Em 2006 o contribuinte goiano popularmente conhecido pelo nome de Arroz Cristal ingressou com ação declaratória sob o fundamento de que o benefício da redução de base de cálculo previsto na legislação goiana possui natureza jurídica diversa ao do benefício da isenção, fato que lhe autorizava a não estornar proporcionalmente os créditos do ICMS recebidos pela entrada da mercadoria, cujas saídas forem contempladas pela redução de base de cálculo.

O fundamento jurídico do pedido declaratório intentado pelo contribuinte foi arrimado única e exclusivamente na pretensa ofensa ao art. 155 da Constituição Federal pelo art. 58 Decreto estadual n. 4.852/97.

Ao contrário de centenas de outras ações espalhadas pelo país com a mesma tese, inclusive de contribuintes goianos, o Arroz Cristal obteve êxito na prestação jurisdicional invocada, e segundo consta já compensou R$ 80 milhões do ICMS devido ao Estado de Goiás, ainda restando outros R$ 100 milhões a compensar em razão dos créditos estornados conforme determinava a legislação tributária goiana, que, aliás, continua valendo para os demais contribuintes.

Porém, analisando os autos do processo em questão extrai-se que o resultado destoante das demais ações no mesmo sentido é resultado do descuido na defesa do Estado, especialmente na fase recursal.

 declaratóriaNão obstante o magistrado de 1º grau dar procedência ao pedido, sua sentença foi publicada com gritantes defeitos que poderiam ser facilmente corrigidos em grau de recurso.

Um dos defeitos que deixaram de ser questionados pelo Estado em grau de apelação foi o fato de o contribuinte ter atravessado petição às vésperas da sentença, onde modificou substancialmente a causa de pedir da ação declaratória em razão do recente trânsito em julgado no STF do RE 174.478/SP, que jogou por terra o argumento de que redução de BC e isenção são institutos jurídicos distintos.

Vendo seu fundamento jurídico inicial pisoteado pelo STF, modificou-o completamente, argumentando que na verdade seu pedido tinha por fundamento o permissivo contido no Convênio ICMS 128/94, requerendo que a sentença fosse fundamentada na contrariedade do referido convênio pelo Dec. 4.852/97, sendo integralmente atendido pelo magistrado singelo que sentenciou exatamente nesse sentido, sem, contudo, dar oportunidade ao Estado de refutar a inovação na causa de pedir.

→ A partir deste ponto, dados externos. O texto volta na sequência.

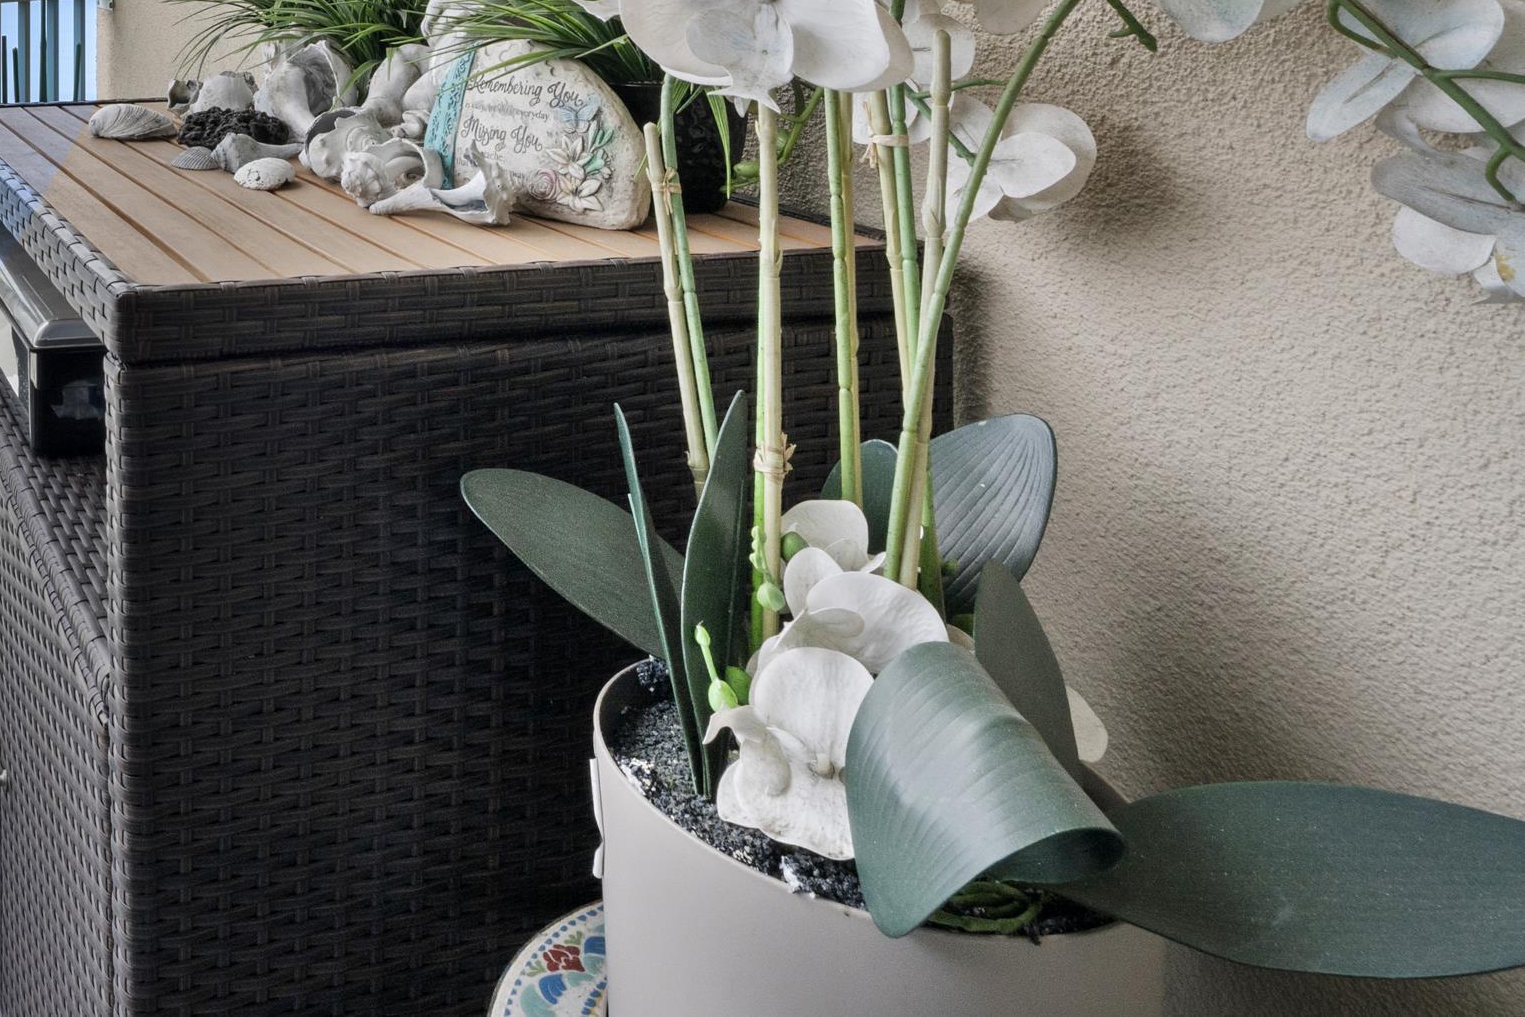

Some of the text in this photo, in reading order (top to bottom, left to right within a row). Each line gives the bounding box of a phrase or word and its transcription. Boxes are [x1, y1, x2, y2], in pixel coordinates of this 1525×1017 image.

[465, 75, 584, 108] Remembering You
[461, 115, 543, 154] Missing You

Tal fato processual afrontou dois princípios processuais fundamentais que poderiam levar à cassação da sentença. Um foi a inobservância da estabilização objetiva da demanda, que veda a alteração da causa de pedir após o saneamento do feito. Outro é do contraditório, onde somente os argumentos e fundamentos submetidos à manifestação precedente das partes podem ser aplicados pelo julgador, devendo este intimar os interessados para que se pronunciem previamente sobre questão não debatida que pode eventualmente ser objeto de deliberação judicial.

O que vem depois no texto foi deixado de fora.